Since the 1970s feminist biographers have tackled the challenge of writing women’s lives that have been overlooked or forgotten for social or cultural reasons, but even those “reclaimed” lives rely on achievements that were made in a public sphere but not sufficiently credited. When I wrote about Victorian photographer Julia Margaret Cameron I could describe and analyze her public portraits of Victorian celebrities— and I could point to her lesser-known narrative and family images as part of the same body of work, and worth re-viewing. My colleagues in the Women Writing Women’s Lives seminar at City University of New York write about the first women doctors in the United States or a group of pioneering women lawyers…. But how does one tell an artist’s life that is even more obscure, that isn’t even in the public realm? It needs a form and a tone that’s not defensive, an argument that’s open-ended. Or maybe no argument at all.

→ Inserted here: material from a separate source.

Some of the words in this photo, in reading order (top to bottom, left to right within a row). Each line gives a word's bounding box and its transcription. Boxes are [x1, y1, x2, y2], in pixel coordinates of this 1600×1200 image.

John Bernard Myers, who co-founded the influential Tibor de Nagy Gallery in 1951, had a front row seat to the development of the New York City art world. In his memoir Tracking the Marvelous he traces the emergence of the new art galleries like Borgenicht and Stable, which promoted first the Abstract Expressionists and then Pop Artists like Warhol and Robert Indiana. Paris was no longer the center of the art world, Myers declared. Why, though, did one artist succeed over another? Why Larry Rivers and Jasper Johns over Raoul Hague or Anne Ryan, he wondered? What separates the Brillo Box designer James Harvey and the Brillo Box artist Andy Warhol? my father and his neighbor, op artist Richard Anuskiewicz?
In contemplating this question Myers spends most of his time on his friend and one of his favorite artists, Robert Goodnough. “Perhaps,” he speculates,
“the answer lies deep within the characters of the less triumphant. Such people do not learn how to play the game of being an artist. They are more or less indifferent to critics and museum curators; a bit hostile to collectors; and not good at socializing in that amorphic plasma called the art world. Often they are people who need to be alone, undisturbed by the pull and push of groups.”

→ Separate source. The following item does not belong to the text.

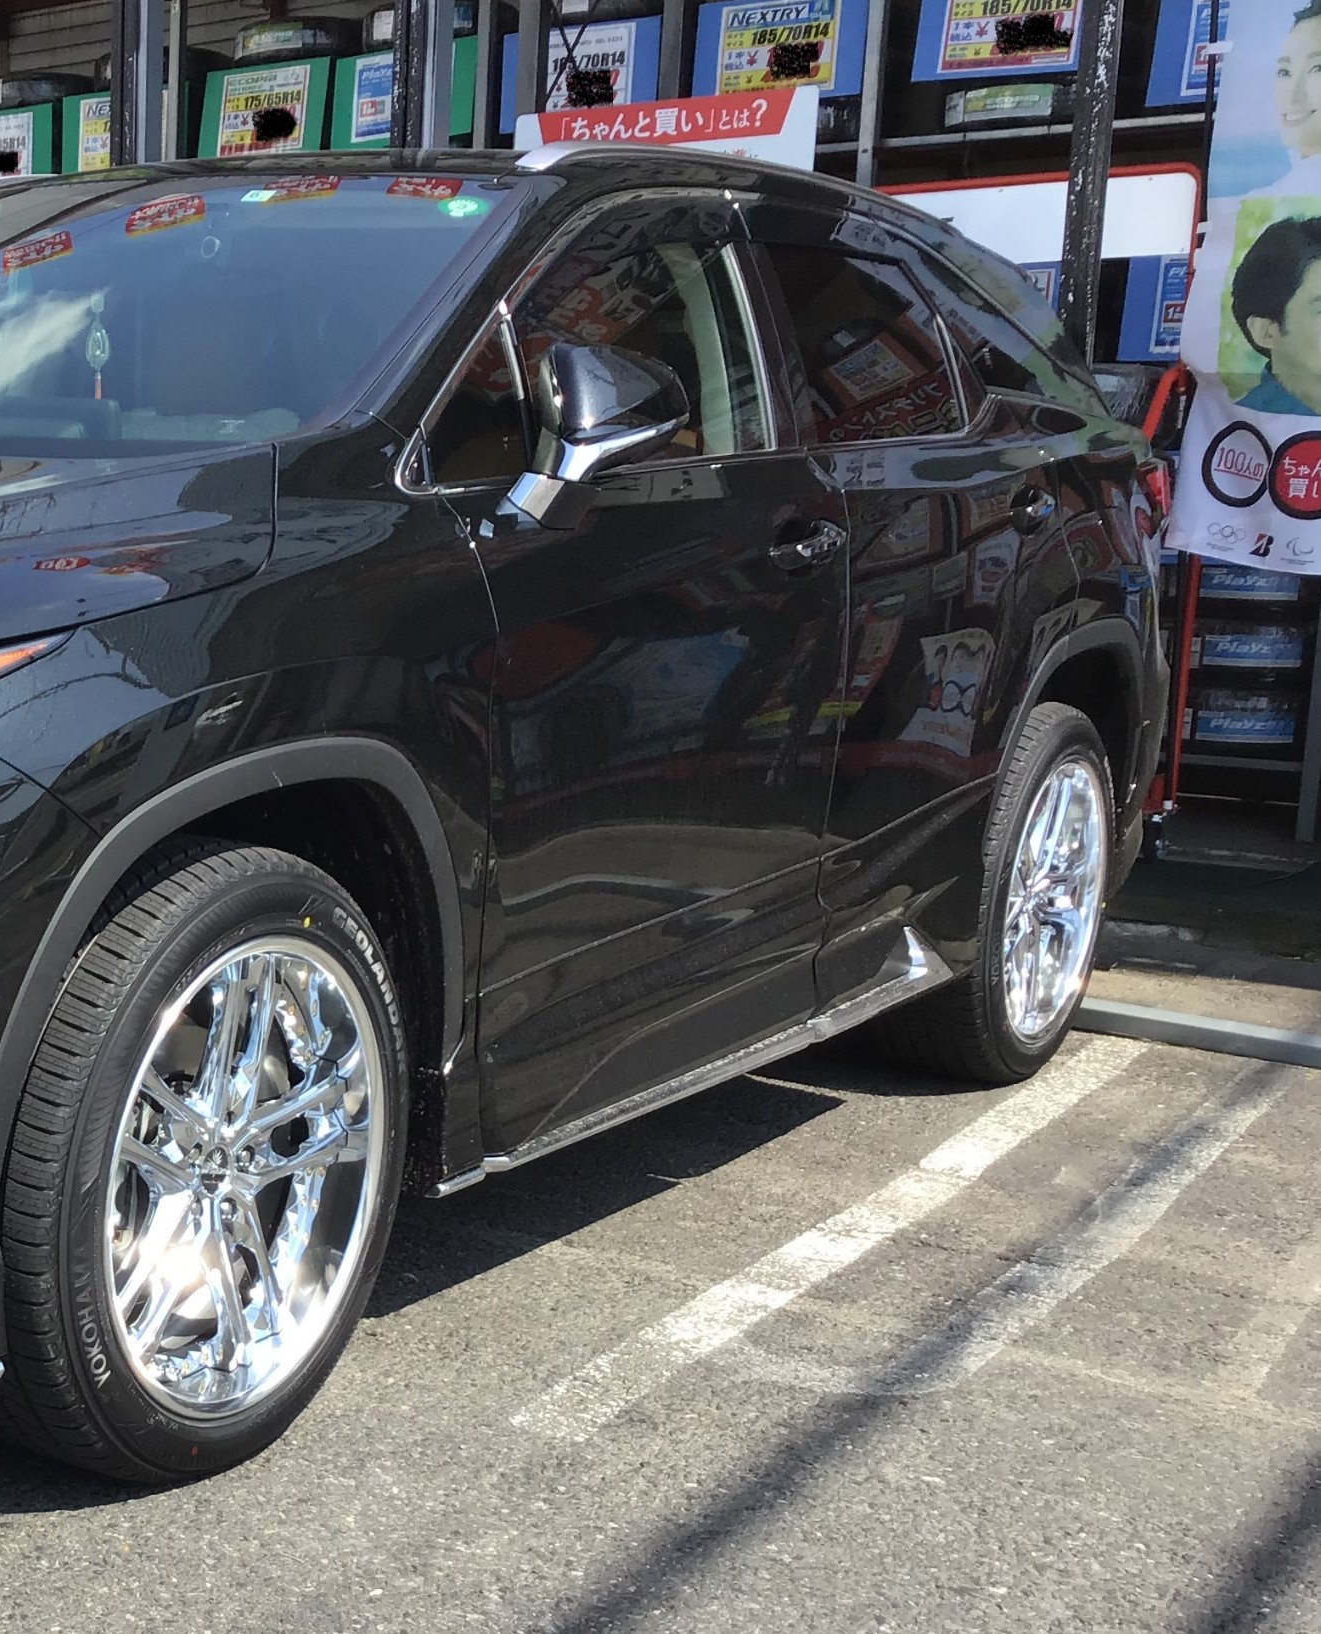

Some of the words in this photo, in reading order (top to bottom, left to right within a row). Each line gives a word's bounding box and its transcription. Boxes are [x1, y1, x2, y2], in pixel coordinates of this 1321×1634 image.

[729, 5, 807, 27] NEXTRY
[751, 22, 831, 46] 185/70R14
[244, 89, 302, 110] 175/65R14

That sounds plausible enough, but my father was not really one of “such people.” True, he loved living alone, but he was not an introvert and he was very good at socializing. He was ambivalent about self-promotion, but so are most creative people. He always called himself an artist and he took his art seriously. And he kept working. In that sense, he was “successful” on his own terms. His return to painting was impressive, especially now that I understand better what drove him from it in the first place, but it was also consistent with his self-involvement. Painting every day was one of the ways he put himself first, which is a complicated precedent for my writing. My own children are in their twenties, but this—being here at my desk—still feels selfish. Art and family life don’t mix, I assumed. I didn’t want to make the same mistakes my father made in putting his art before his children, so I wrote around the edges of my family life.

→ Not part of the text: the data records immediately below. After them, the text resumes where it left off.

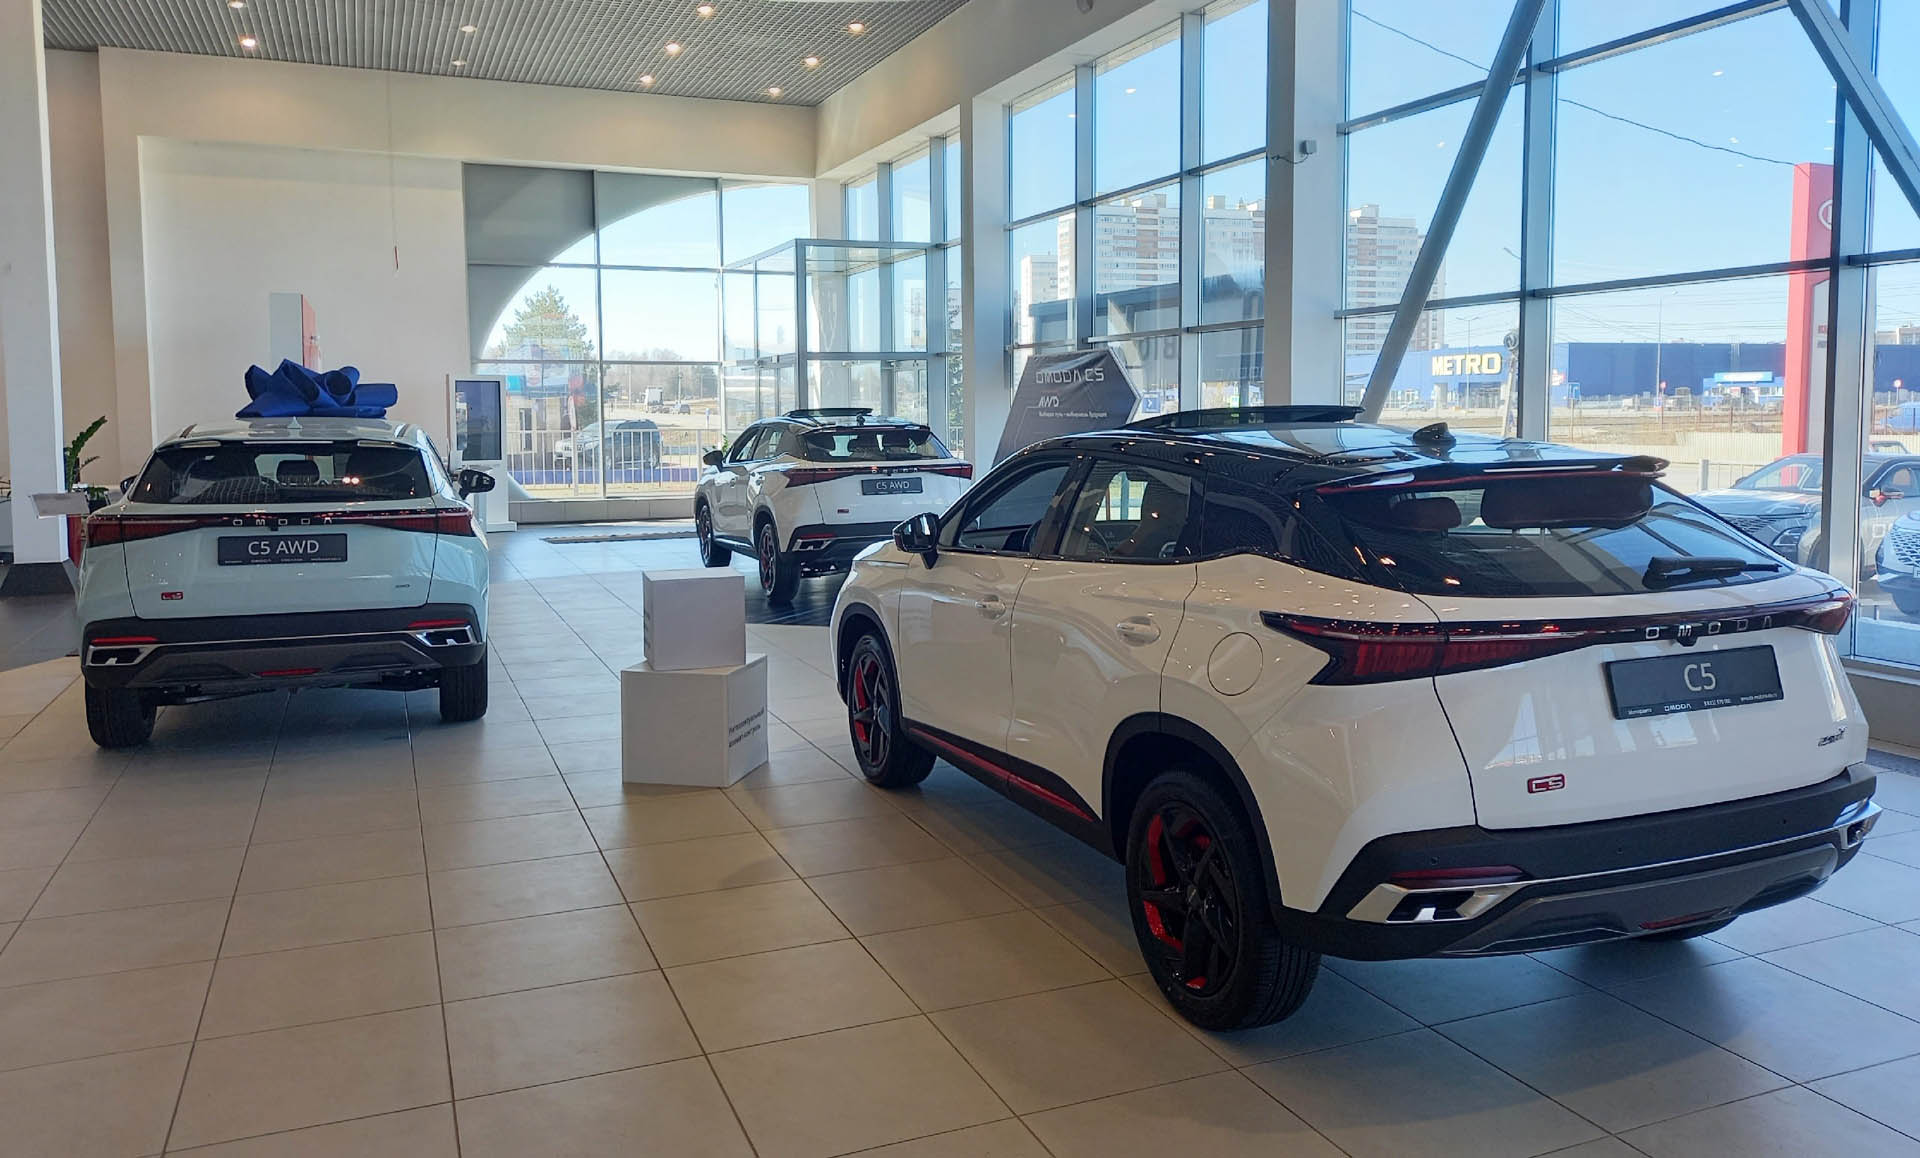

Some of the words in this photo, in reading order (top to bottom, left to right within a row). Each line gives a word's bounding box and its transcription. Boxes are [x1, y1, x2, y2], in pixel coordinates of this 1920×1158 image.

[1431, 352, 1502, 377] METRO
[1035, 368, 1083, 384] OMODA
[1084, 367, 1105, 382] C5
[1038, 395, 1060, 409] AWD
[876, 482, 887, 490] C5
[889, 481, 910, 489] AWD
[232, 516, 333, 527] OMODA
[247, 541, 270, 556] C5
[275, 539, 320, 554] AWD
[1645, 615, 1773, 640] OMODA
[1683, 662, 1717, 692] C5
[1664, 703, 1692, 712] OMODA
[1532, 776, 1563, 792] C5

Paradoxically, this raised the bar for how my family defined artistic “success.” The art had to be good enough, important enough, successful enough to justify all the time spent away from the family. It had to be great Art with a capital A. But how to tell what counts—especially in an era where boundaries between high and low culture were blurring? My grandfather designed a Kleenex tissue box that ended up in the Museum of Modern Art; my father has a work on paper in the Whitney Museum’s permanent collection. Which of them was more successful? I published a biography twenty years ago with a trade press, but all my books since then have been self-published. So how do I know if they are any good?
Who’s the best? What’s the ranking? Those were questions my sisters and I grew up with in more ways than one. As my father did. As most people do. The differences are mostly in the values themselves, not the fact of a hierarchy. In my family, success was cultured and gendered. For my mother, success meant staying married, and she was keenly aware of her failure. For my father, success meant a career retrospective at MoMA. My father’s few paintings in the Whitney annual exhibitions of the 1950s didn’t cut it and he never spoke about them. When I started this project I worried about broadcasting my father’s failures—as a son, an artist, a husband, a father—but instead it made me more aware of how relative (so to speak) success and failure are.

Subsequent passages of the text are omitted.